A seca está a atingir os rios europeus, ameaçando as cadeias logísticas, a produção de energia e a agricultura, num momento em que a guerra na Ucrânia provocou escassez de matérias-primas e encareceu o abastecimento.
Segundo uma reportagem da Bloomberg divulgada esta quarta-feira, que cita dados do Eurostat, os rios europeus transportam uma tonelada de bens por cada europeu a cada ano. Agora, os barcos já mal conseguem passar no Reno nem no Danúbio.
A seca já tinha afetado o Reno – por onde passam carregamentos de carvão que fornecem indústrias da Europa central – em 2018. Mas o cenário atual é inédito e vai ultrapassar em custos o impacto negativo de 5 mil milhões de euros da altura, disseram à publicação agentes envolvidos no transporte.
De acordo com a reportagem, com o nível das águas mais baixo os barcos não podem levar tanta carga, havendo zonas que já não estão navegáveis. Essa realidade faz disparar os custos de transporte, em máximos desde 2021.
A comunidade científica tem avisado que o Reno vai tornar-se cada vez mais intransitável devido às alterações climáticas. Mas a substituição do rio pelas vias férreas ou pelo transporte rodoviário não é uma solução imediata, dada a falta de capacidade da primeira hipótese e a falta de motoristas de pesados na segunda.
Já no Danúbio procede-se a desassoreamentos de urgência na Bulgária, Roménia e na Sérvia para que barcos com matérias-primas como carvão possam passar. E em França, as ondas de calor impediriam que as centrais nucleares operassem para evitar descargas de águas a altas temperaturas nos rios.
Rios como o Ródano e Garona estão demasiado quentes mas isso não impede que sejam feitas descargas que, segundo a agência Reuters, podem ameaçar ecossistemas fluviais.
The water level of the Rhine River in 🇳🇱 Dutch territory is close to its lowest point
➡️Problems are already being reported for shipping 🛳️and agriculture 🚜
⬇️The water shortage 🚱 is visible when comparing #Sentinel2 🇪🇺🛰️images of ↙️ 2021 and ↘️ 2022 pic.twitter.com/aJ2cbaz98e
— 🇪🇺 DG DEFIS #StrongerTogether (@defis_eu) August 5, 2022
Em Itália, o Pó não tem caudal suficiente para garantir cultivo de arroz, de milho e de girassol e a lagoa de Veneza já não consegue manter as condições para a existência de oxigénio suficiente para a produção de amêijoas e mexilhões, pondo em risco 2300 postos de trabalho relacionados com a pesca.
Em Portugal se vive uma situação de seca que as autoridades admitem ser a pior dos últimos 100 anos, cenário que tem levado o Governo a tomar medidas ao nível de apoios financeiros, monitorização e restrições no uso da água.

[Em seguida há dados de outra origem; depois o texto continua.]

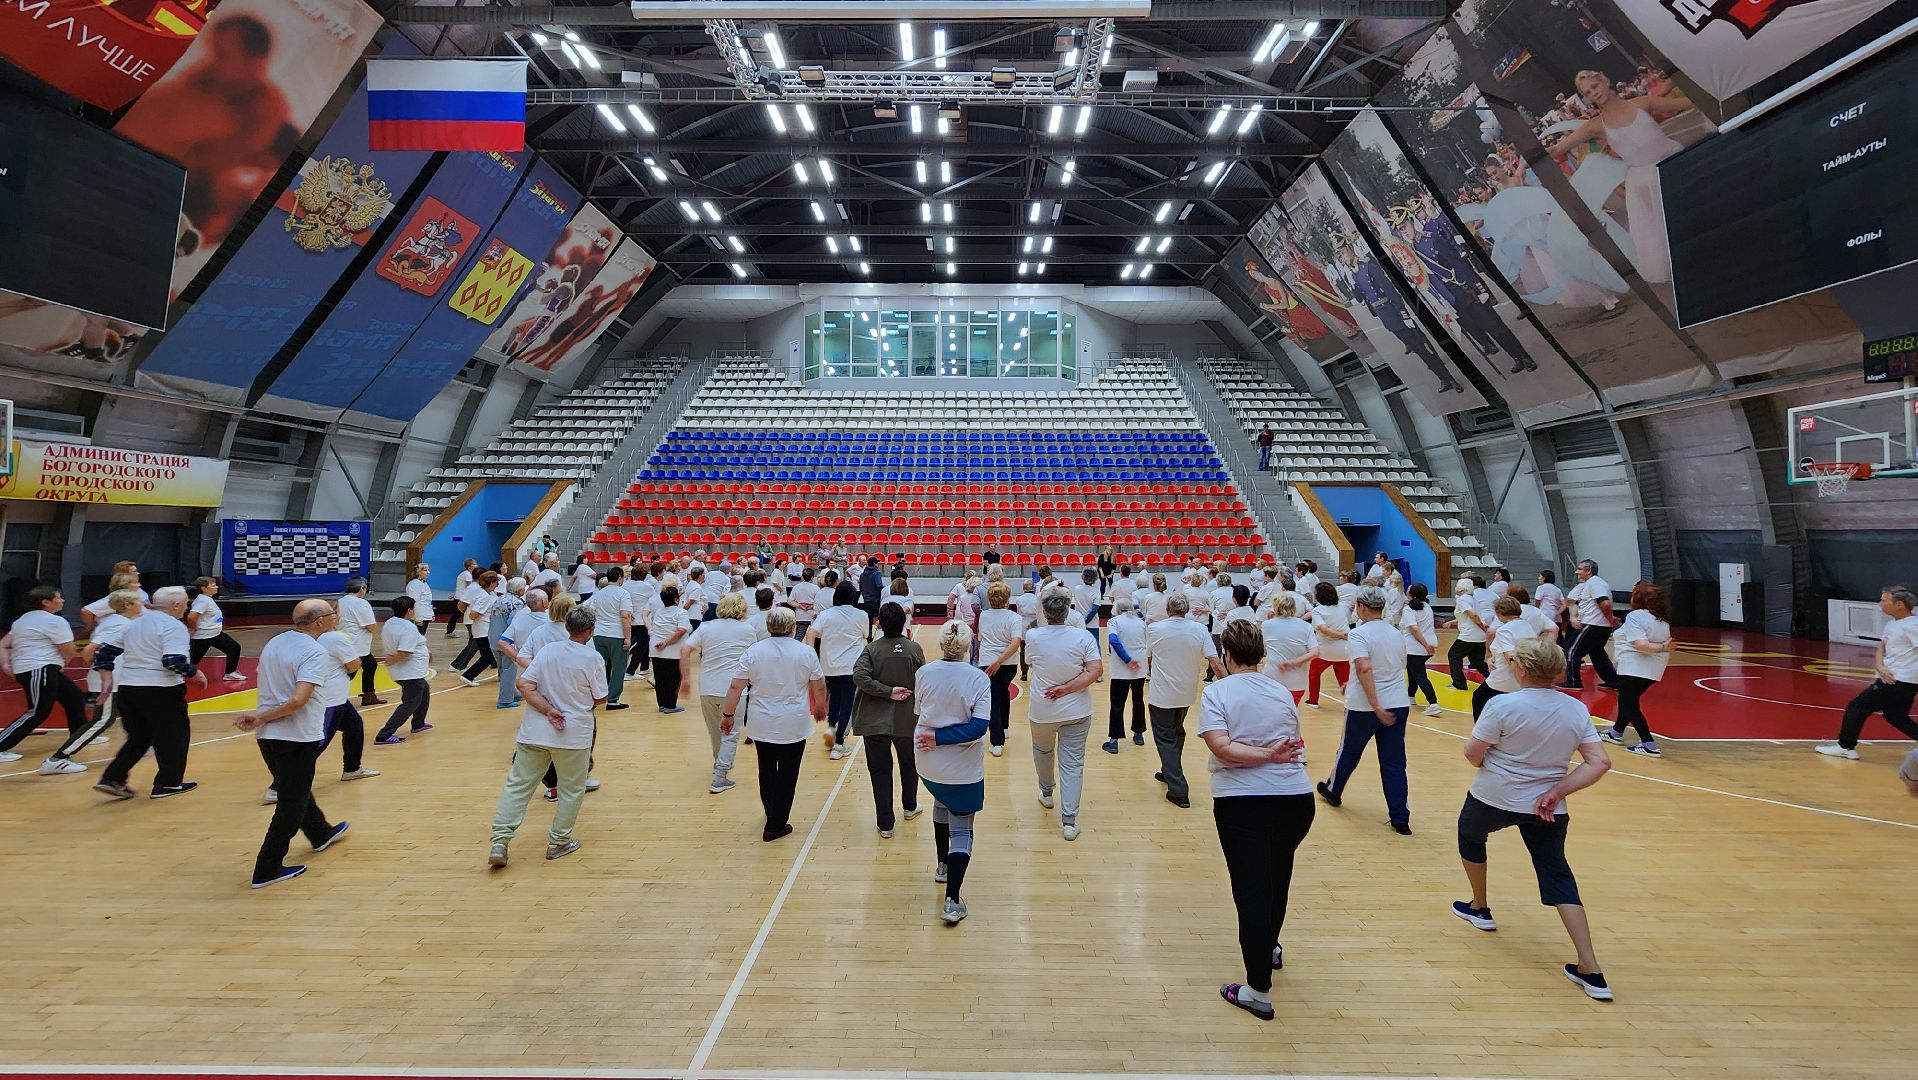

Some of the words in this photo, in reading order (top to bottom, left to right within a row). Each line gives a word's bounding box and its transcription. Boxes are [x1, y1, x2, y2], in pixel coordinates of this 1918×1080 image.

[46, 16, 156, 82] ЛУЧШЕ
[1829, 102, 1867, 128] СЧЕТ
[1822, 138, 1887, 173] ТАЙМ-АУТЫ
[1846, 229, 1882, 248] ФОЛЫ
[1800, 417, 1814, 425] FON
[43, 444, 191, 469] АДМИНИСТРАЦИЯ
[41, 459, 176, 480] БОГОРОДСКОГО
[39, 474, 155, 492] ГОРОДСКОГО
[35, 489, 108, 503] ОКРУГА
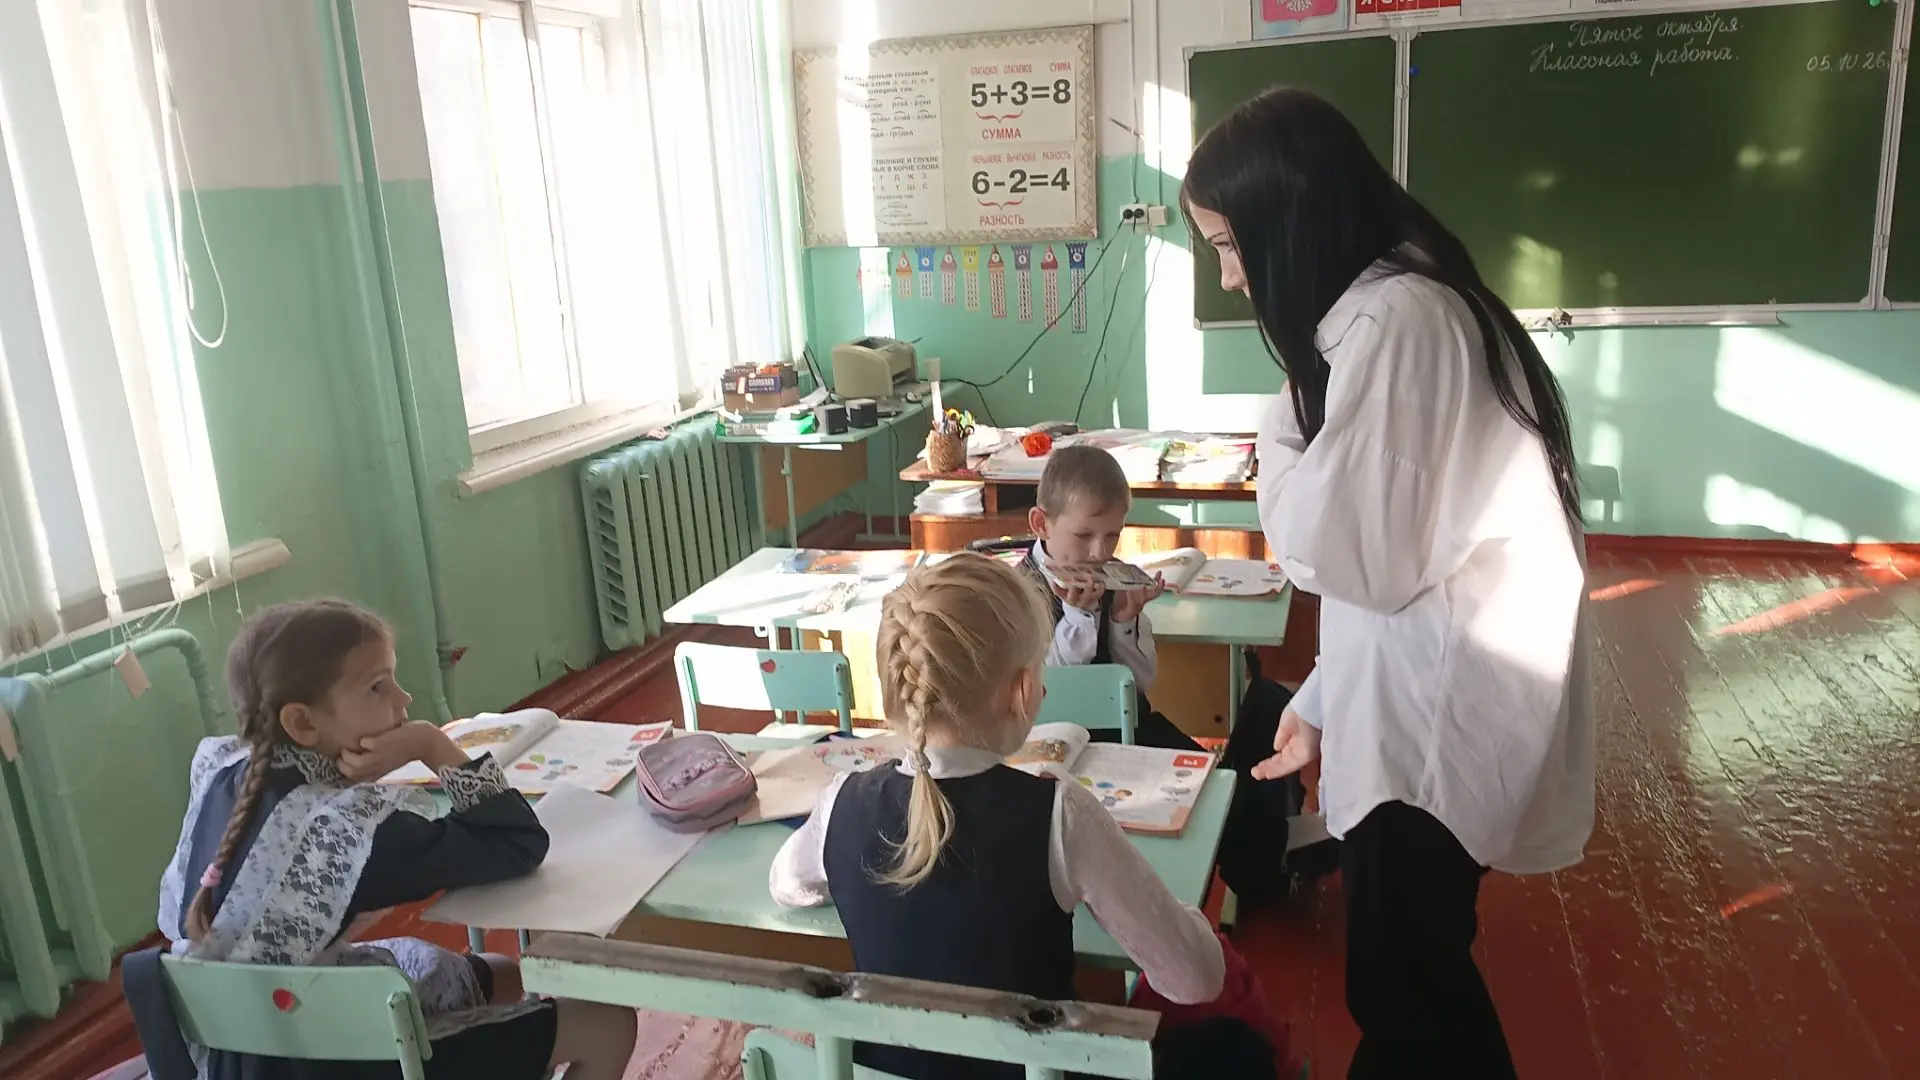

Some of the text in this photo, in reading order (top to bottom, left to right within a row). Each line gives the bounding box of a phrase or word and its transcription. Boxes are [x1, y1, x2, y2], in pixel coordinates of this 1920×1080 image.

[1567, 20, 1643, 48] Пятое
[1049, 61, 1072, 72] СУММА
[1529, 41, 1643, 73] Классная
[971, 78, 1071, 107] 5+3=8
[981, 127, 1022, 140] СУММА
[1042, 150, 1071, 160] РАЗНОСТЬ
[972, 167, 1070, 195] 6-2=4
[980, 214, 1025, 226] РАЗНОСТЬ

Segundo o Instituto Português do Mar e da Atmosfera (IPMA), 67,9% do território português está em seca severa, 28,4% em seca extrema e 3,7% em seca moderada, sendo este o ano mais seco desde que há registos (1931). Mesmo nos meses do último inverno, todo o país esteve em seca.

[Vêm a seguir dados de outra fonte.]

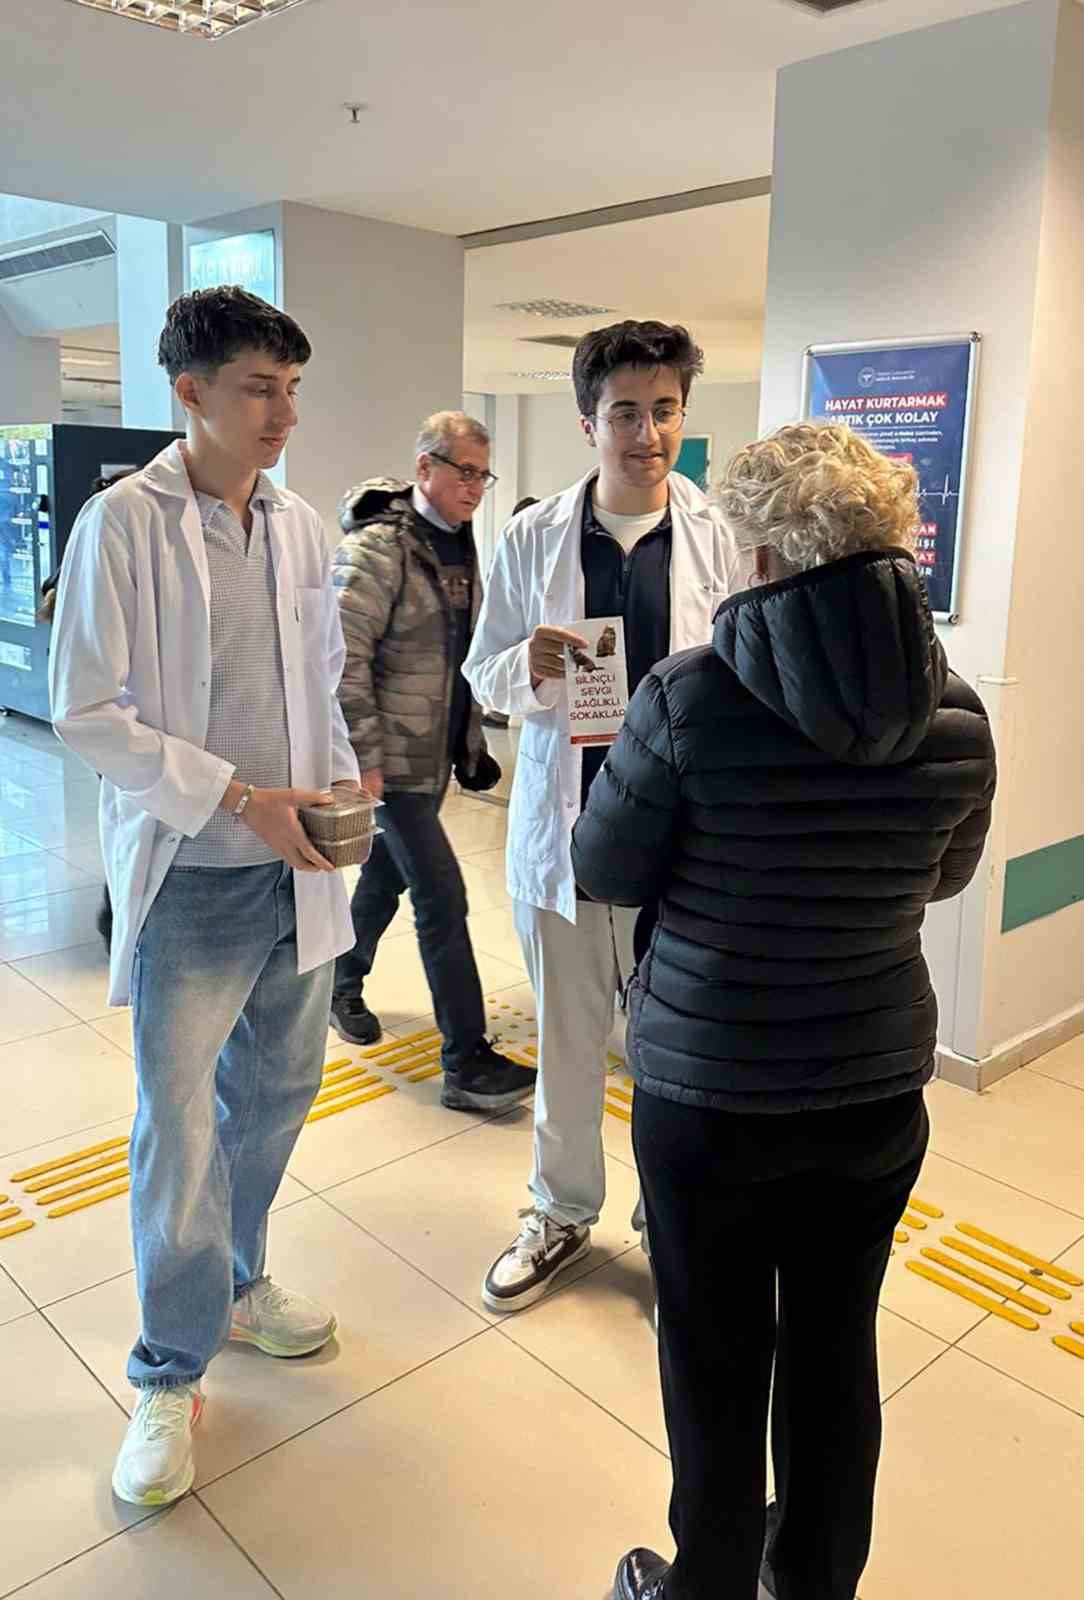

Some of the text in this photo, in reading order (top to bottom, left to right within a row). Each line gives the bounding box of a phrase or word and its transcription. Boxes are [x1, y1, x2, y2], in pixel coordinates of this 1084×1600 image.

[825, 394, 946, 411] HAYAT KURTARMAK
[866, 413, 893, 428] ÇOK
[895, 411, 938, 423] KOLAY

Seca revela objetos e restos humanos
A seca tem também revelado o que estava submerso no fundo dos rios e dos lagos. Ainda no rio Pó, uma bomba não detonada da Segunda Guerra Mundial foi exposta recentemente. O engenho explosivo de 450 quilos foi encontrado por pescadores nas margens, perto da vila de Borgo Virgilio, na Lombardia, em julho.
“A bomba foi encontrada por pescadores na margem do rio Pó devido à diminuição do nível das águas causada pela seca”, disse o coronel Marco Nasi, em declarações à agência Reuters.
Já no Lago Mead, no Nevada (Estados Unidos), atingido pela seca extrema, um terceiro conjunto de restos humanos foi encontrado recentemente, quando os níveis de água caíram para mínimos históricos.
Em maio deste ano foi encontrado o primeiro corpo. Se tratava, provavelmente, de uma vítima de homicídio – baleada na cabeça, colocada num barril e atirada ao lago. Uma semana depois, duas irmãs encontraram outros restos mortais.